Raja Tho Gel mendatangi sumber suara tangisan itu,air matanya jatuh ketika melihat bayi mungil itu yang tidak lain adalah putra bungsunya Sa Juak.
Raja Tho Gel cukup memahami situasi yang telah terjadi,tanpa diberitahukan oleh para prajuritnya raja itu mengetahui bahwa permaisurinya tidak selamat dari serangan pasukan kekaisaran Ming sebelumnya.
Jendral Mha Lhum Pek kemudian meminta para prajurit kerajaan Lha Do Khu Tu untuk membuka pakaian mereka dan menggantinya dengan pakaian prajurit kekaisaran Ming yang telah mereka bunuh sebelum tiba di tempat persembunyian rahasia itu.
__ADS_1
Jendral Mha Lhum Pek meminta semua prajurit yang ada bersamanya itu menyusup kedalam pasukan yang bertugas menjaga pintu gerbang kota bersama dengan Mai Chen dan Inyoko.

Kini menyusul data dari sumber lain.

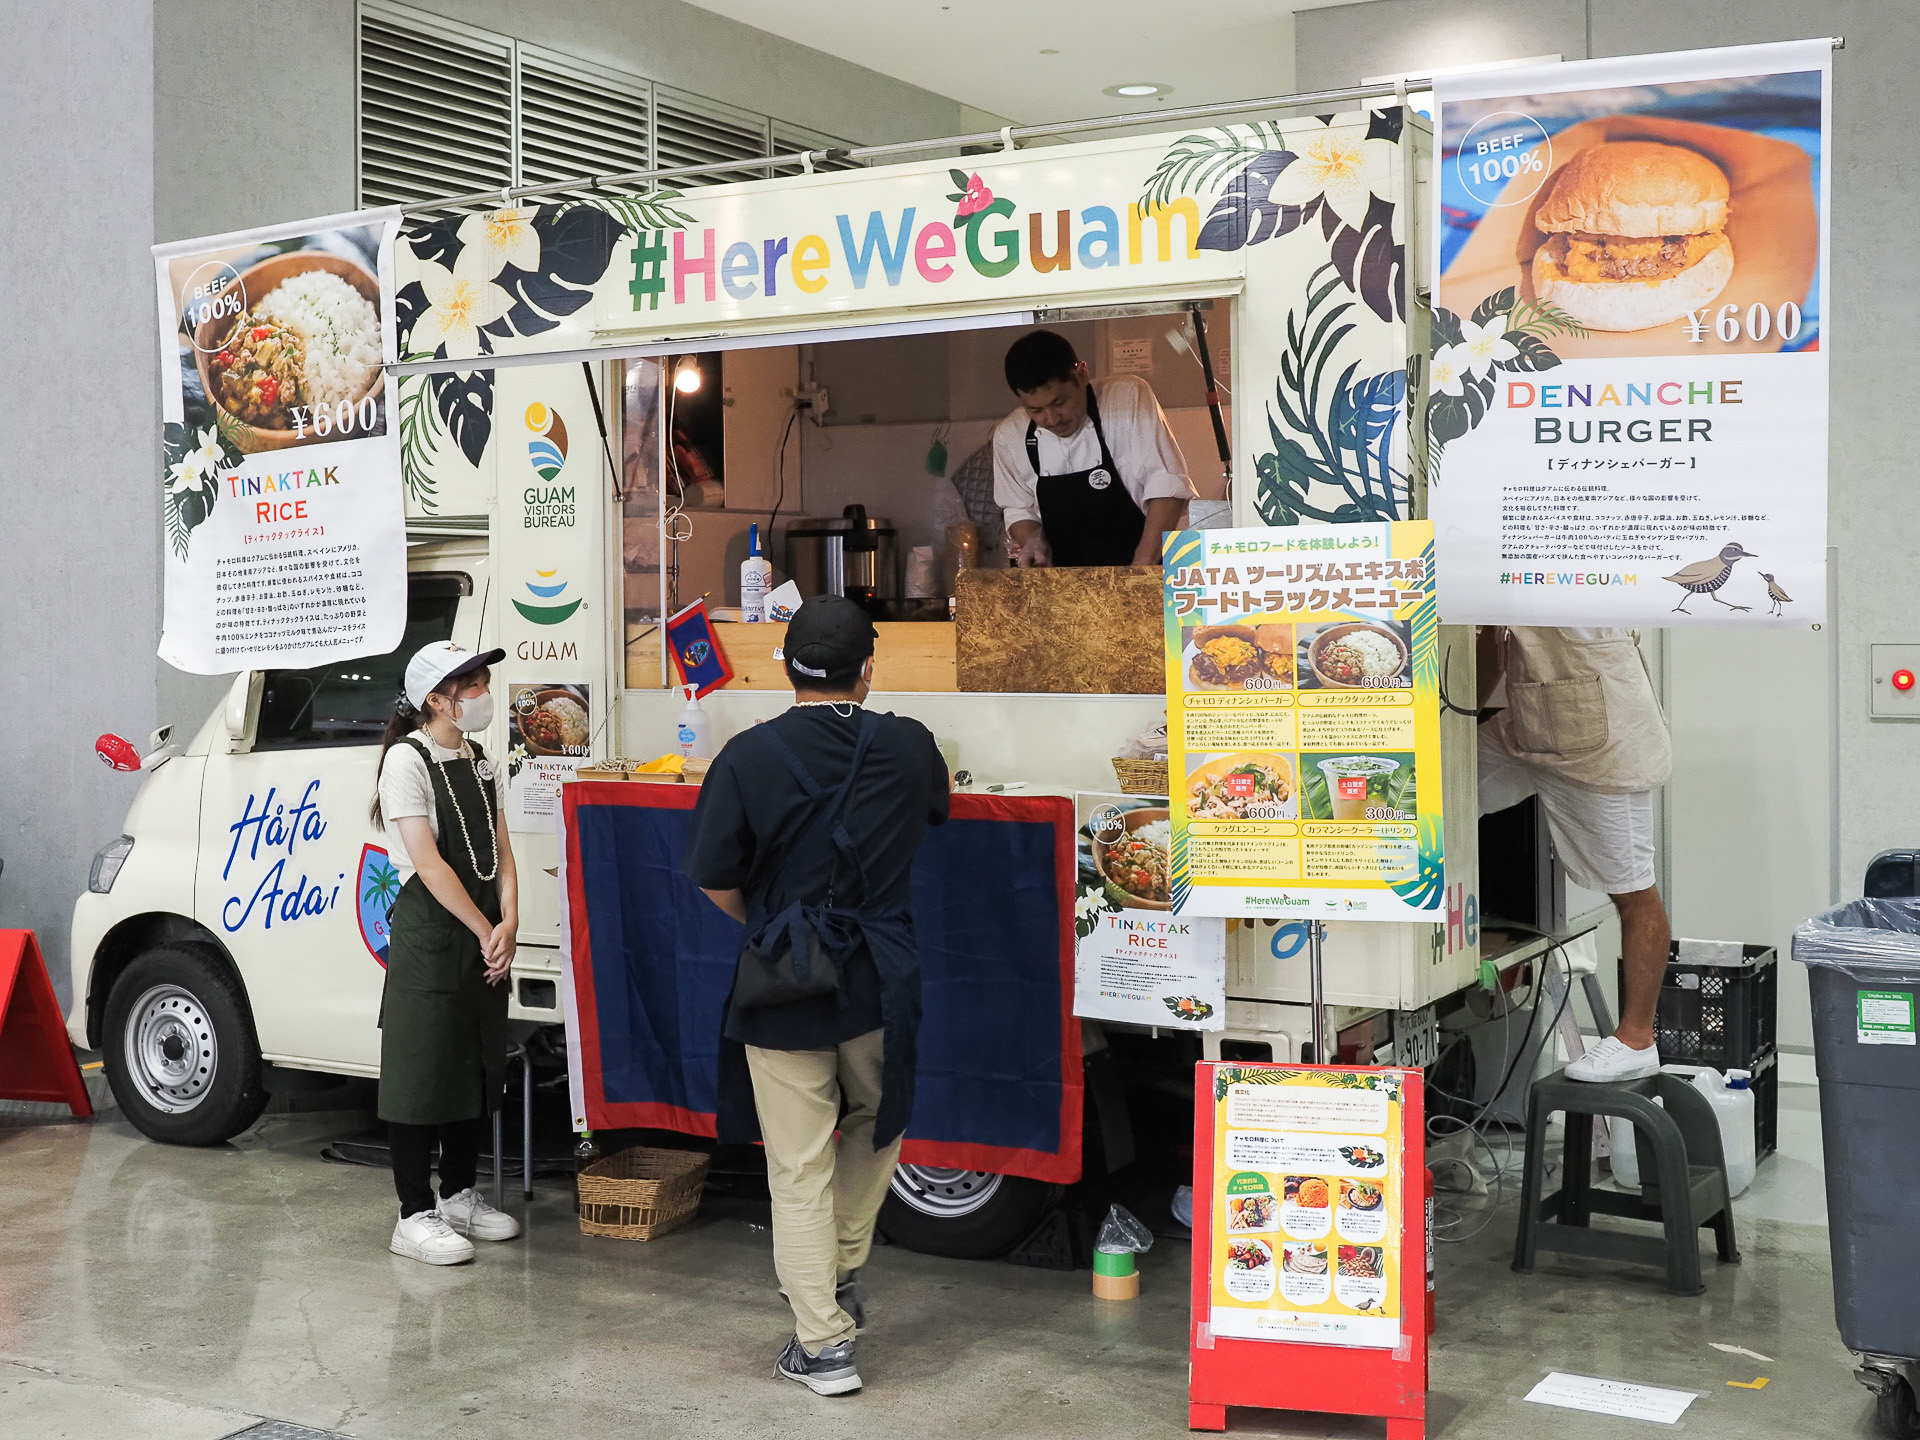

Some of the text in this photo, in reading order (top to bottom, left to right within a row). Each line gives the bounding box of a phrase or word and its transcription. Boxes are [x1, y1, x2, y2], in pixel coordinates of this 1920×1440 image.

[1477, 133, 1525, 156] BEEF
[1469, 150, 1544, 185] 100%
[629, 196, 1200, 311] #HereWeGuam
[194, 276, 227, 299] BEEF
[188, 291, 241, 328] 100%
[1682, 301, 1802, 343] ¥600
[1507, 380, 1743, 409] DENANCHE
[290, 396, 377, 441] ¥600
[1534, 417, 1713, 445] BURGER
[227, 466, 340, 498] TINAKTAK
[524, 486, 575, 504] GUAM
[256, 500, 308, 524] RICE
[524, 504, 575, 516] VISITORS
[524, 515, 575, 528] BUREAU
[1172, 558, 1425, 587] JATA ツーリズムエキスポ
[1500, 572, 1638, 586] #HEREWEGUAM
[1175, 587, 1425, 614] フードトラックメニュー
[517, 640, 578, 661] GUAM
[1244, 677, 1281, 690] 600円
[1361, 675, 1400, 689] 600円
[1097, 811, 1115, 820] BEEF
[1365, 806, 1405, 820] 300円
[1093, 819, 1122, 832] 100%
[223, 858, 344, 932] Adai
[1245, 895, 1310, 907] #HereWeGuam
[1107, 916, 1190, 935] TINAKTAK
[1128, 934, 1168, 949] RICE
[1100, 991, 1152, 1001] #HEREWEGUAM

sementara itu jendral Mha Lhum Pek bersama dengan Jhi Tu akan mengurus gerbang kota disisi yang lain.
Inyoko bersama Mai Chen dan beberapa orang prajurit lainnya tidak menemukan masalah untuk menyusupi pasukan penjaga gerbang utama kota,sementara itu jendral Mha Lhum Pek juga dalam situasi yang tidak jauh berbeda.
tidak butuh waktu lama untuk Mai Chen dan Inyoko untuk dapat menguasai gerbang utama kota A Ngek.

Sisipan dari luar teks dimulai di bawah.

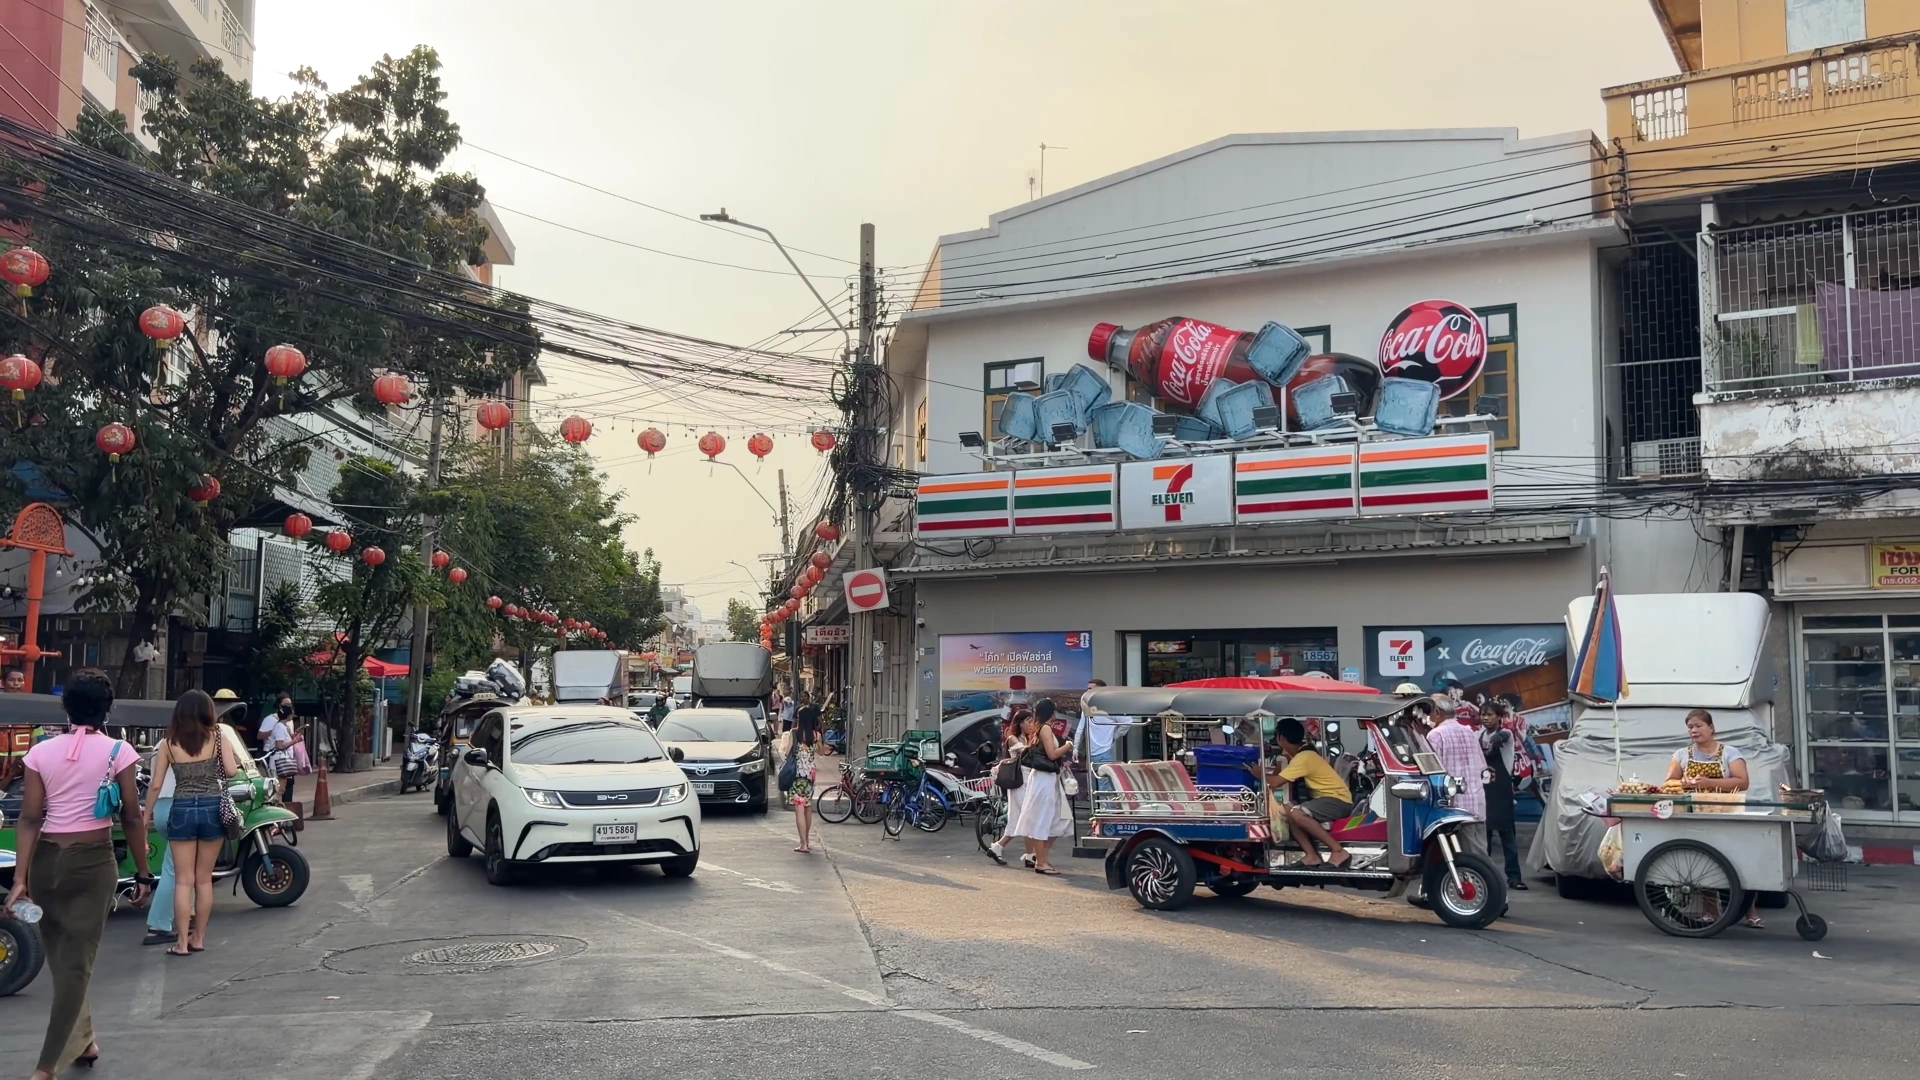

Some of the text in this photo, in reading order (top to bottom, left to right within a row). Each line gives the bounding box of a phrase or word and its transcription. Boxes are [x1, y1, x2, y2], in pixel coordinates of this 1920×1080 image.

[1380, 314, 1481, 373] Coca-Cola
[1162, 320, 1212, 403] Coca-Cola
[1891, 567, 1919, 575] FOR
[1304, 651, 1336, 660] 18567
[1461, 638, 1550, 666] Coca-Cola
[616, 825, 635, 835] 5868

dengan bantuan para prajurit lainnya gerbang utama ibukota itu pun terbuka.
semua orang tampak terkejut mengetahui ketika gerbang itu terbuka.

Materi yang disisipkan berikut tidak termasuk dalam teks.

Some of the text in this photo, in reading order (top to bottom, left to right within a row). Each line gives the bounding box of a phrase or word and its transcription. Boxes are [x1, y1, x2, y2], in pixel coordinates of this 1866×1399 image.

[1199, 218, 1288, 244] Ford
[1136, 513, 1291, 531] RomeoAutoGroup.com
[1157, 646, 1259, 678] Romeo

Inyoko dan Mai Chen berdiri tepat didepan pintu gerbang utama ibukota A Ngek.
sosok kedua pemuda itu terlihat jelas dari tempat Pha Cah dan yang lainnya yang masih menunggu waktu untuk bergerak menyerang.
Kalipasan tidak dapat menyembunyikan amarahnya ketika mengetahui bahwa ketiga orang tamunya itu adalah penyusup dari pihak lawan.
Tanpa berpikir panjang Kalipasan kemudian melompat dari atas tembok kota tempat dia berdiri dan menyerang Mai Chen beserta Inyoko.
langkah Kalipasan di ikuti oleh tiga orang sepuh lainnya.
Kalipasan melepaskan pukulan tenaga dalam beruntun kearah Mai Chen dan Inyoko.
belum sempat menarik napas Mai Chen dan Inyoko kembali mendapatkan serangan dari tiga orang sepuh lainnya.
tapi kedua orang pendekar muda itu masih mampu untuk menghindari serangan beruntun dari lawan-lawannya itu.
Inyoko kemudian melakukan serangan balasan kepada Kalipasan.
Kalipasan sempat dibuat kaget ketika melihat Inyoko mengeluarkan aura merah pertapa naga miliknya.
para sepuh aliran hitam lain nya mencoba membantu Kalipasan yang terlihat mulai terdesak akibat serangan Inyoko,akan tetapi Mai Chen dengan golok gagak hitam nya datang menghalangi niat ketiga orang itu.
Kalipasan yang mulai terdesak itu kemudian mengeluarkan aura energi aneh dari tubuhnya.
tiba-tiba muncul empat sosok Kalipasan dihadapan Inyoko.
setiap pukulan Inyoko kepada Kalipasan seperti hanya mengenai bayangan dan udara hampa.
sementara itu setiap pukulan bayangan Kalipasan itu mampu memberikan luka pada Inyoko.
Inyoko kini berada dalam kesulitan,dia tidak mengetahui wujud ilmu dari lawan yang dihadapinya,sementara itu putra mahkota kerajaan Pha Cah juga belum terlihat akan menggerakkan pasukannya.
ditempat lain Mai Chen juga mulai terlihat kehabisan nafas menghadapi tiga orang pendekar senior yang menemani Kalipasan itu.